WASHINGTON (AP) — Catorce de las 15 cajas recuperadas de la propiedad del expresidente Donald Trump en Florida a principios de este año contenían documentos con marcas de clasificación, según una declaración jurada del FBI publicada el viernes que explica la justificación del registro de la propiedad este mes.

La declaración jurada de 32 páginas, incluso en su forma redactada, contiene detalles adicionales sobre una investigación criminal en curso que ha traído un nuevo peligro legal para Trump justo cuando sienta las bases para otra candidatura presidencial.

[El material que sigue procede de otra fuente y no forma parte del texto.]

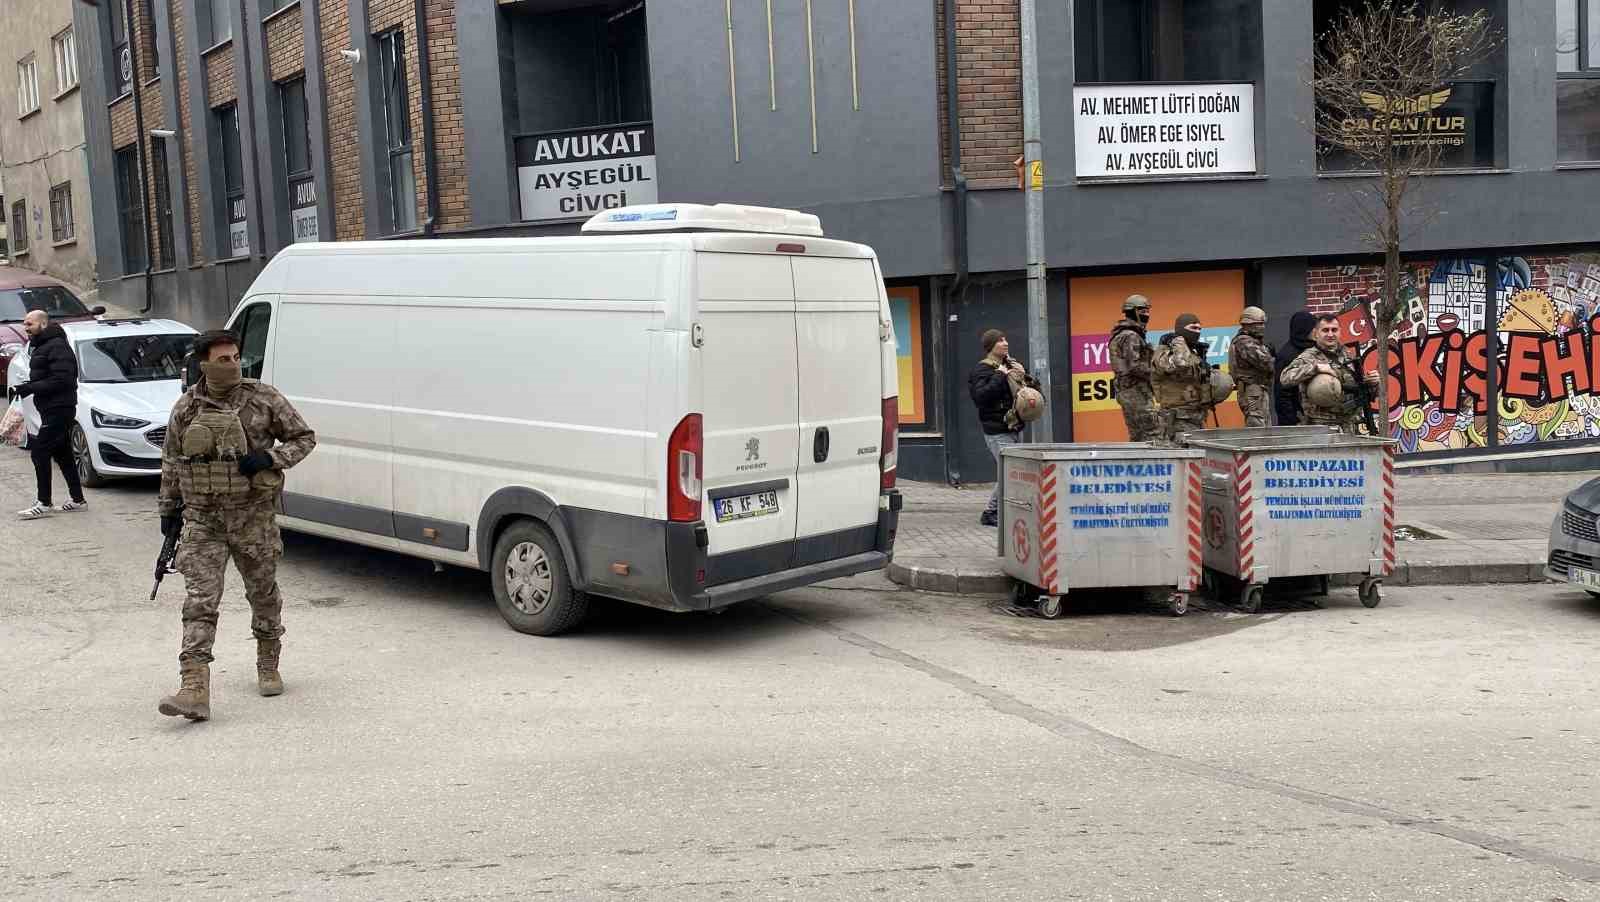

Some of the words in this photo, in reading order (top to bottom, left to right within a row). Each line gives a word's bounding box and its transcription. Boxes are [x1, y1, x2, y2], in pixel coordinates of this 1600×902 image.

Subraya el volumen de documentos confidenciales del gobierno ubicados en Mar-a-Lago y revela las preocupaciones del FBI de que los registros se estaban reteniendo ilegalmente.

Aunque el documento ofrece la descripción más sustancial de la investigación, los funcionarios federales también redactaron partes significativas del mismo para proteger la identidad de los testigos y evitar revelar tácticas de investigación delicadas.

El FBI presentó la declaración jurada a un juez para que pudiera obtener una orden para registrar la propiedad de Trump. Las declaraciones juradas generalmente contienen información vital sobre una investigación, y los agentes explican en detalle por qué quieren registrar una propiedad en particular y por qué creen que es probable que encuentren evidencia de un posible delito allí. Pero las declaraciones juradas habitualmente permanecen selladas durante las investigaciones pendientes, lo que hace que la decisión del juez de revelar partes de ellas sea aún más sorprendente.

En un reconocimiento del extraordinario interés público en la investigación, el Juez Magistrado de EE.UU. Bruce Reinhart ordenó el jueves al departamento que hiciera pública una versión redactada de la declaración jurada para el viernes. La directiva se produjo horas después de que los funcionarios federales encargados de hacer cumplir la ley presentaran bajo sello las partes de la declaración jurada que quieren mantener en secreto a medida que avanza la investigación.

Las redacciones propuestas por el Departamento de Justicia son extensas dada la sensibilidad de la investigación, lo que reduce la probabilidad de que el documento ofrezca una visión integral de la base de la búsqueda sin precedentes o información significativa sobre la dirección de la investigación. Sin embargo, incluso una declaración jurada redactada puede contener al menos algunas revelaciones nuevas sobre la investigación, y es probable que ayude a explicar por qué los agentes federales que intentaron durante meses recuperar registros confidenciales del gobierno de Mar-a-Lago finalmente se sintieron obligados a obtener una orden de registro.

Los documentos que se hicieron públicos anteriormente muestran que el FBI recuperó de la propiedad 11 conjuntos de documentos clasificados, incluida información marcada en el nivel de alto secreto. También muestran que los agentes federales están investigando posibles violaciones de tres leyes federales, incluida una que rige la recopilación, transmisión o pérdida de información de defensa en virtud de la Ley de Espionaje. Los demás estatutos abordan la ocultación, mutilación o eliminación de registros y la destrucción, alteración o falsificación de registros en investigaciones federales.

Es posible que la declaración jurada, particularmente en su forma no redactada, pueda arrojar luz sobre preguntas clave sin respuesta, incluido por qué documentos presidenciales confidenciales (documentos clasificados, entre ellos) fueron transportados a Mar-a-Lago después de que Trump dejó la Casa Blanca y por qué Trump y sus representantes no suministraron todo el material a la Administración Nacional de Archivos y Registros a pesar de los reiterados ruegos.

También podría ofrecer detalles adicionales sobre las idas y venidas entre Trump y el FBI, incluida una citación para documentos que se emitió la primavera pasada, así como una visita en junio de funcionarios del FBI y del Departamento de Justicia para evaluar cómo se almacenaban los materiales. .

El Departamento de Justicia había rebatido previamente los argumentos de las organizaciones de medios para hacer pública la declaración jurada, diciendo que cualquier divulgación podría contener información privada sobre testigos y sobre tácticas de investigación. Pero Reinhart, reconociendo el extraordinario interés público en la investigación, dijo la semana pasada que no estaba dispuesto a mantener sellado todo el documento y les dijo a los funcionarios federales que le presentaran en privado las redacciones que quería hacer.

En su orden del jueves, Reinhart dijo que el departamento había presentado argumentos convincentes para dejar selladas amplias franjas del documento que, de divulgarse, revelaría información del gran jurado; las identidades de los testigos y las “partes no acusadas”; y detalles sobre la “estrategia, dirección, alcance, fuentes y métodos” de la investigación.

Pero también dijo que estaba satisfecho “de que el Gobierno haya cumplido con su carga de demostrar que las redacciones propuestas están estrechamente diseñadas para servir al interés legítimo del Gobierno en la integridad de la investigación en curso y son la alternativa menos onerosa para sellar toda la declaración jurada”.